米ナショナルジオグラフィックが選出する『Best of the World 2026』において、日本から唯一選ばれた山形県。古くから守られてきた信仰の山々と、四季が刻むドラマチックな風景は、今改めて世界的な視線を集めています。
本記事では、この注目の山形を余すことなく巡る2泊3日の旅程を提案します。立石寺から銀山温泉まで、伝統文化とアウトドアを融合させたルートで、2026年の旅先としてふさわしい山形の深淵に迫ります。
信仰と芸術が交差する立石寺周辺
旅の始まりは、山形の象徴ともいえる立石寺から。階段の先にある静寂と、山々を見下ろす絶景を体験し、午後は美術館や自然散策で山形の文化的な側面に触れていきます。
立石寺
「山寺」の通称で知られるここは、約1100年前に開山された修行の場です。麓から山頂の奥之院まで、1000段を超える石段が続いています。登るごとに木々の香りが濃くなり、修行の道としての緊張感と、時折現れる奇岩や古建築が張り詰めた空気を作ります。
頂上に到達し、五大堂から見下ろす景色は格別です。眼下に広がる街並みと、折り重なる山々を眺めていると、登ってきた足の疲れも忘れるほど。静かな環境を保つため、石段を歩く際は足元に気を配り、落ち着いて参拝することをおすすめします。
山寺芭蕉記念館
立石寺の麓に位置し、松尾芭蕉がこの地を訪れた際の足跡を辿る博物館です。館内には芭蕉ゆかりの品々や、当時の旅の様子を伝える資料が展示されています。山寺の風景を実際に目の当たりにした直後に訪れることで、当時の句に込められた情景をより深く想像できるはずです。
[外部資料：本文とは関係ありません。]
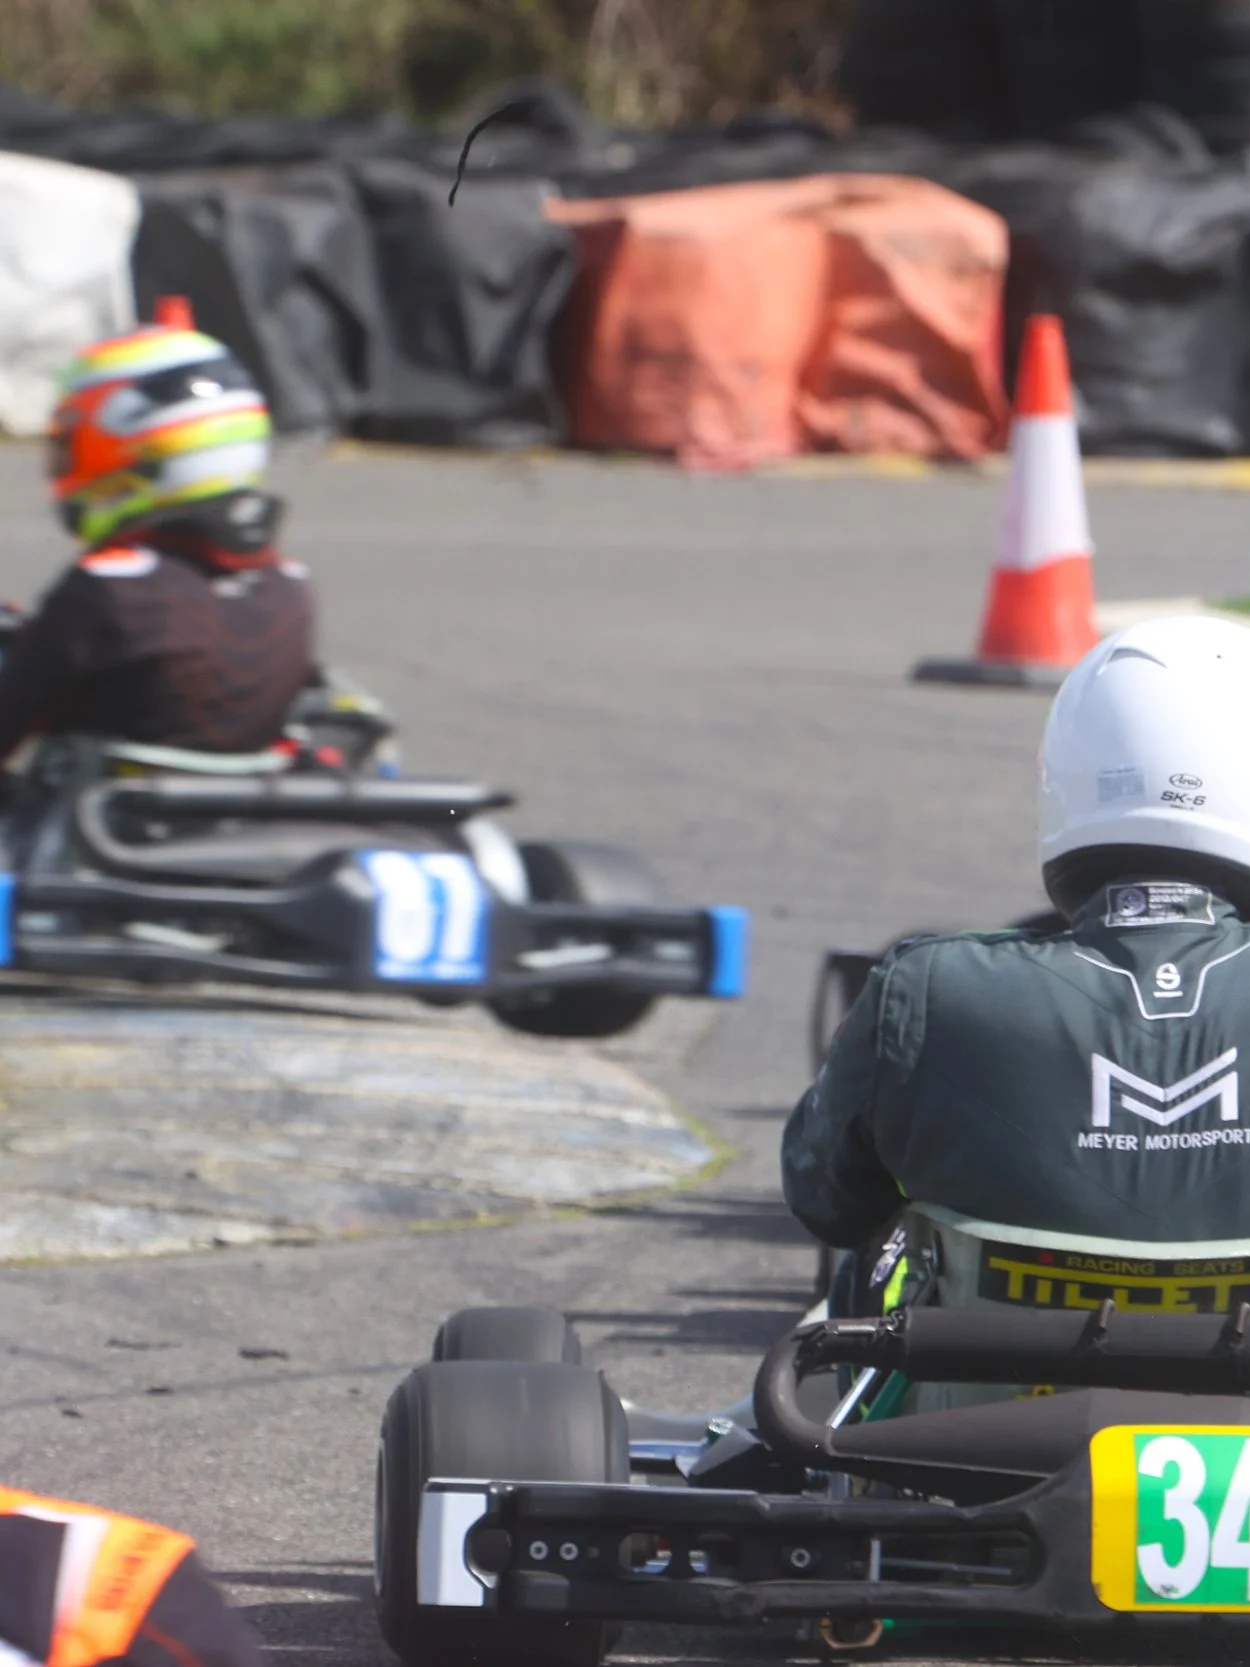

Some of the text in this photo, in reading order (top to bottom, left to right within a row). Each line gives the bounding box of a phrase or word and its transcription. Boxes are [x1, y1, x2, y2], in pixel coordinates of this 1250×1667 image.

[1160, 790, 1207, 806] SK-6
[1078, 1132, 1139, 1151] MEYER
[1066, 1254, 1245, 1276] RACING SEATS
窓の外には山寺の風景が広がり、館内は静かな時間が流れています。石段を登り終えた後のクールダウンとして、ゆっくりと展示を眺めながら、山形と文学の関わりに思いを馳せる時間に最適です。
韓国料理 チェゴ 天童店
山寺エリアを後にし、昼食は天童市にあるこちらへ。落ち着いた雰囲気の中で、本場の味をしっかり楽しむことができます。特に土日祝日は昼から営業しているため、観光の合間に立ち寄りやすいのが魅力です。
ボリュームのあるランチは、午後の散策に向けたエネルギーチャージにぴったり。現地の食材と韓国のスパイスが調和したメニューは、山形観光の意外なアクセントになります。週末のランチ利用は事前に混雑状況を確認しておくとスムーズです。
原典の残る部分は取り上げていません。